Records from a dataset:
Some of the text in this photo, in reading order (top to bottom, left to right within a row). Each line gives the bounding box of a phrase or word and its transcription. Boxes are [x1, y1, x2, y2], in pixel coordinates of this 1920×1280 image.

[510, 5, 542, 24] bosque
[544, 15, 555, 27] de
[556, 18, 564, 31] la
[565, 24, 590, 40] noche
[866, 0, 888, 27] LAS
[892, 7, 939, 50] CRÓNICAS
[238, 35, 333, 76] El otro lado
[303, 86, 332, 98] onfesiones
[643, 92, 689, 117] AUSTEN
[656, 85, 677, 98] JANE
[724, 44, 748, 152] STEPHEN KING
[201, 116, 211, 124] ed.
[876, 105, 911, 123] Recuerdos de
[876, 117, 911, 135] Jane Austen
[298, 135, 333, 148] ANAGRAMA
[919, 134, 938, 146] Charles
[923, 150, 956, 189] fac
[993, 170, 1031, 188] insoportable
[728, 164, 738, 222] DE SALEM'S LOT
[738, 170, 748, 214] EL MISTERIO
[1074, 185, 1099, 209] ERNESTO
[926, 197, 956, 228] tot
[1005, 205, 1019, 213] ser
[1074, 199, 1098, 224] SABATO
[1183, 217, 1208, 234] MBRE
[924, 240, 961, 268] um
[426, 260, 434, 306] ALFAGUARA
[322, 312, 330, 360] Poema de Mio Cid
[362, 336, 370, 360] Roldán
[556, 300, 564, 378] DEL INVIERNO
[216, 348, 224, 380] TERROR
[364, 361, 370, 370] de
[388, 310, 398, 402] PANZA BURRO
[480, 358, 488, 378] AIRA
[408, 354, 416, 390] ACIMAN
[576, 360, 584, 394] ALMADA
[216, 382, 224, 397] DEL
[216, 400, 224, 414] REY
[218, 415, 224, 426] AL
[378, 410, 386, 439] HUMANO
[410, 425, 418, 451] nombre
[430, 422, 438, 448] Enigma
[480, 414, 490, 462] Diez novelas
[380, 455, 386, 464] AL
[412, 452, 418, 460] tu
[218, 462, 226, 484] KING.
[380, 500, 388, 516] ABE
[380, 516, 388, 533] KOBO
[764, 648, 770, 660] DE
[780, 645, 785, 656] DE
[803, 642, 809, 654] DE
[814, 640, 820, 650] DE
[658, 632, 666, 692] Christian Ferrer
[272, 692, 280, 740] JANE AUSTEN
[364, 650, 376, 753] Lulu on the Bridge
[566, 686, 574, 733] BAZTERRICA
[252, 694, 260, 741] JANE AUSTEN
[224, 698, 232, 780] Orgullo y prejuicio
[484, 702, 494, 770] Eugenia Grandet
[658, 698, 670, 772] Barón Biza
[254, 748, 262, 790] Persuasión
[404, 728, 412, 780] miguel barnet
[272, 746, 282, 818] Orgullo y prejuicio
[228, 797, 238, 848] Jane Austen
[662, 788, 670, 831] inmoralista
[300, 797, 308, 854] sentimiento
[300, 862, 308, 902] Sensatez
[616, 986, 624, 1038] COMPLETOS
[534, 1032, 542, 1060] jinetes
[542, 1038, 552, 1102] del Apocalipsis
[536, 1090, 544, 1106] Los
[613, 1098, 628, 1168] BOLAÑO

= Exercise goal =
All the lines above should come back exactly as written.

= The completed task =
Some of the text in this photo, in reading order (top to bottom, left to right within a row). Each line gives the bounding box of a phrase or word and its transcription. Boxes are [x1, y1, x2, y2], in pixel coordinates of this 1920×1280 image.

[510, 5, 542, 24] bosque
[544, 15, 555, 27] de
[556, 18, 564, 31] la
[565, 24, 590, 40] noche
[866, 0, 888, 27] LAS
[892, 7, 939, 50] CRÓNICAS
[238, 35, 333, 76] El otro lado
[303, 86, 332, 98] onfesiones
[643, 92, 689, 117] AUSTEN
[656, 85, 677, 98] JANE
[724, 44, 748, 152] STEPHEN KING
[201, 116, 211, 124] ed.
[876, 105, 911, 123] Recuerdos de
[876, 117, 911, 135] Jane Austen
[298, 135, 333, 148] ANAGRAMA
[919, 134, 938, 146] Charles
[923, 150, 956, 189] fac
[993, 170, 1031, 188] insoportable
[728, 164, 738, 222] DE SALEM'S LOT
[738, 170, 748, 214] EL MISTERIO
[1074, 185, 1099, 209] ERNESTO
[926, 197, 956, 228] tot
[1005, 205, 1019, 213] ser
[1074, 199, 1098, 224] SABATO
[1183, 217, 1208, 234] MBRE
[924, 240, 961, 268] um
[426, 260, 434, 306] ALFAGUARA
[322, 312, 330, 360] Poema de Mio Cid
[362, 336, 370, 360] Roldán
[556, 300, 564, 378] DEL INVIERNO
[216, 348, 224, 380] TERROR
[364, 361, 370, 370] de
[388, 310, 398, 402] PANZA BURRO
[480, 358, 488, 378] AIRA
[408, 354, 416, 390] ACIMAN
[576, 360, 584, 394] ALMADA
[216, 382, 224, 397] DEL
[216, 400, 224, 414] REY
[218, 415, 224, 426] AL
[378, 410, 386, 439] HUMANO
[410, 425, 418, 451] nombre
[430, 422, 438, 448] Enigma
[480, 414, 490, 462] Diez novelas
[380, 455, 386, 464] AL
[412, 452, 418, 460] tu
[218, 462, 226, 484] KING.
[380, 500, 388, 516] ABE
[380, 516, 388, 533] KOBO
[764, 648, 770, 660] DE
[780, 645, 785, 656] DE
[803, 642, 809, 654] DE
[814, 640, 820, 650] DE
[658, 632, 666, 692] Christian Ferrer
[272, 692, 280, 740] JANE AUSTEN
[364, 650, 376, 753] Lulu on the Bridge
[566, 686, 574, 733] BAZTERRICA
[252, 694, 260, 741] JANE AUSTEN
[224, 698, 232, 780] Orgullo y prejuicio
[484, 702, 494, 770] Eugenia Grandet
[658, 698, 670, 772] Barón Biza
[254, 748, 262, 790] Persuasión
[404, 728, 412, 780] miguel barnet
[272, 746, 282, 818] Orgullo y prejuicio
[228, 797, 238, 848] Jane Austen
[662, 788, 670, 831] inmoralista
[300, 797, 308, 854] sentimiento
[300, 862, 308, 902] Sensatez
[616, 986, 624, 1038] COMPLETOS
[534, 1032, 542, 1060] jinetes
[542, 1038, 552, 1102] del Apocalipsis
[536, 1090, 544, 1106] Los
[613, 1098, 628, 1168] BOLAÑO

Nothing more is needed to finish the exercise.